Records from a collection:
··········

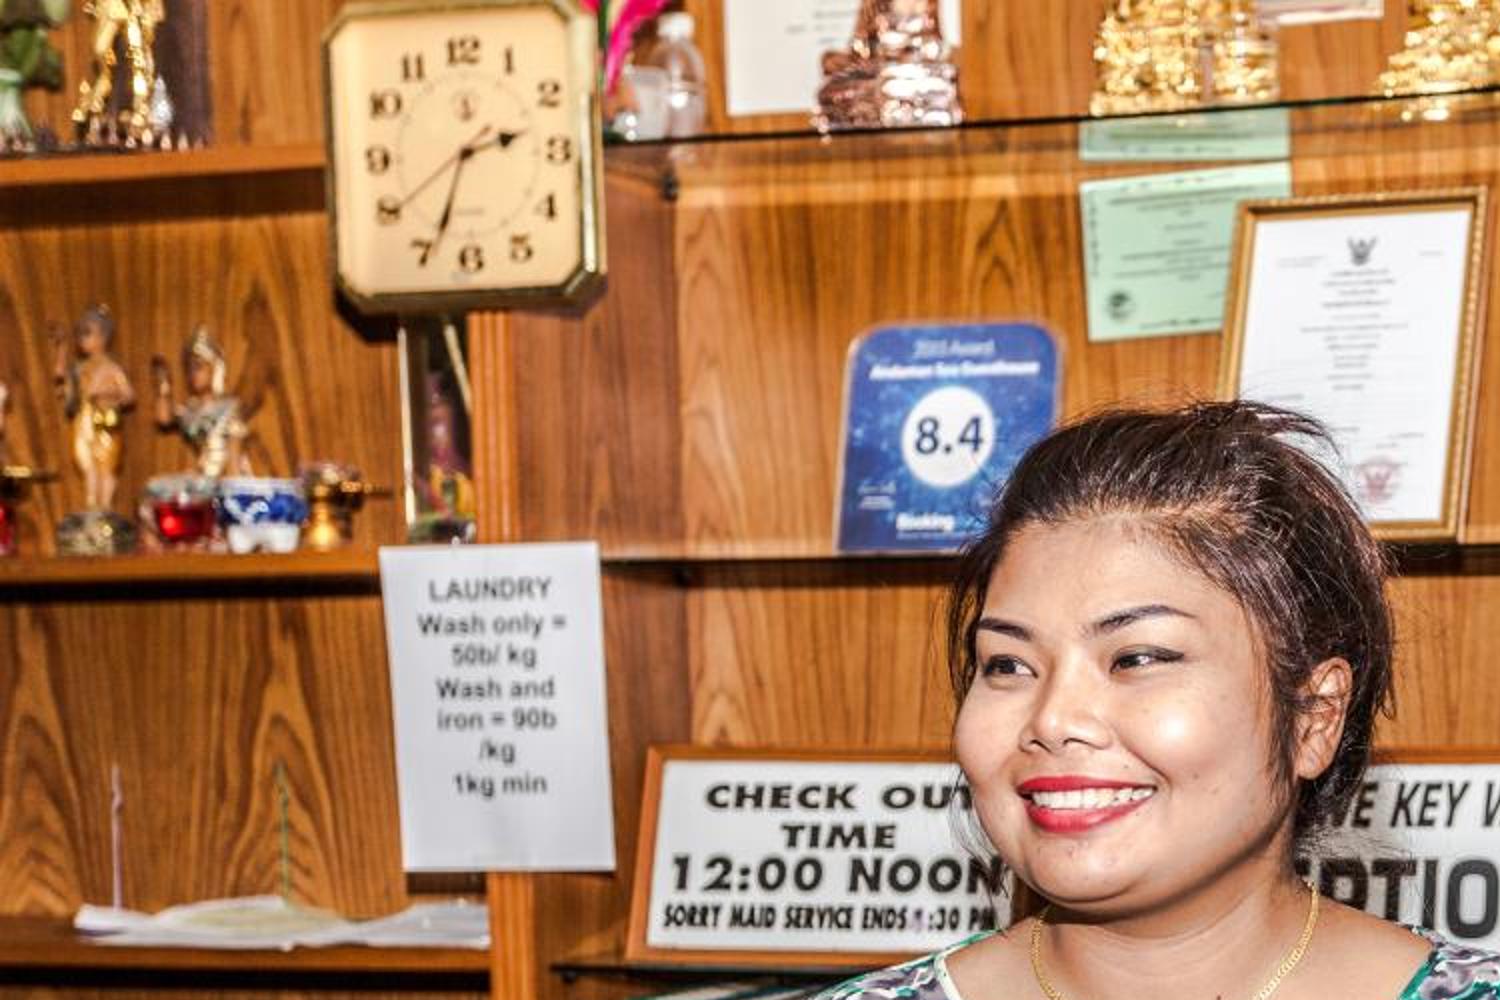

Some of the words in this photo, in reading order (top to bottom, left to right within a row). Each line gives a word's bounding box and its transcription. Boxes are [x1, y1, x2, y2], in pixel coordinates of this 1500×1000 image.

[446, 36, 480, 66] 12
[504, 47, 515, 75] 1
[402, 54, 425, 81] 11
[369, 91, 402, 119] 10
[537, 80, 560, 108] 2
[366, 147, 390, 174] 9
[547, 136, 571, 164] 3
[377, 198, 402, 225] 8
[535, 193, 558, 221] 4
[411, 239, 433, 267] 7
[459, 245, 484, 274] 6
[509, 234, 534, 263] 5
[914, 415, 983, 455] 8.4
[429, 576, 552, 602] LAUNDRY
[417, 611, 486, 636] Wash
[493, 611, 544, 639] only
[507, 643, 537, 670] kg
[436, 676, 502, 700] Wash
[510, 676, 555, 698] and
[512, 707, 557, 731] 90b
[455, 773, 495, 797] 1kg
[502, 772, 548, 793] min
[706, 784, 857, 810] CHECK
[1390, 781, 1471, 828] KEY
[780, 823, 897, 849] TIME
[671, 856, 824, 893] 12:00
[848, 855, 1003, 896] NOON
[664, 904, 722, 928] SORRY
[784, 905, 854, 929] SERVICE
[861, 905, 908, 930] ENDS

··········

WORK REQUEST:
Once the pictures are set aside, reproduce the records in full and exactly.

EXERCISE RESPONSE:
Some of the words in this photo, in reading order (top to bottom, left to right within a row). Each line gives a word's bounding box and its transcription. Boxes are [x1, y1, x2, y2], in pixel coordinates of this 1500×1000 image.

[446, 36, 480, 66] 12
[504, 47, 515, 75] 1
[402, 54, 425, 81] 11
[369, 91, 402, 119] 10
[537, 80, 560, 108] 2
[366, 147, 390, 174] 9
[547, 136, 571, 164] 3
[377, 198, 402, 225] 8
[535, 193, 558, 221] 4
[411, 239, 433, 267] 7
[459, 245, 484, 274] 6
[509, 234, 534, 263] 5
[914, 415, 983, 455] 8.4
[429, 576, 552, 602] LAUNDRY
[417, 611, 486, 636] Wash
[493, 611, 544, 639] only
[507, 643, 537, 670] kg
[436, 676, 502, 700] Wash
[510, 676, 555, 698] and
[512, 707, 557, 731] 90b
[455, 773, 495, 797] 1kg
[502, 772, 548, 793] min
[706, 784, 857, 810] CHECK
[1390, 781, 1471, 828] KEY
[780, 823, 897, 849] TIME
[671, 856, 824, 893] 12:00
[848, 855, 1003, 896] NOON
[664, 904, 722, 928] SORRY
[784, 905, 854, 929] SERVICE
[861, 905, 908, 930] ENDS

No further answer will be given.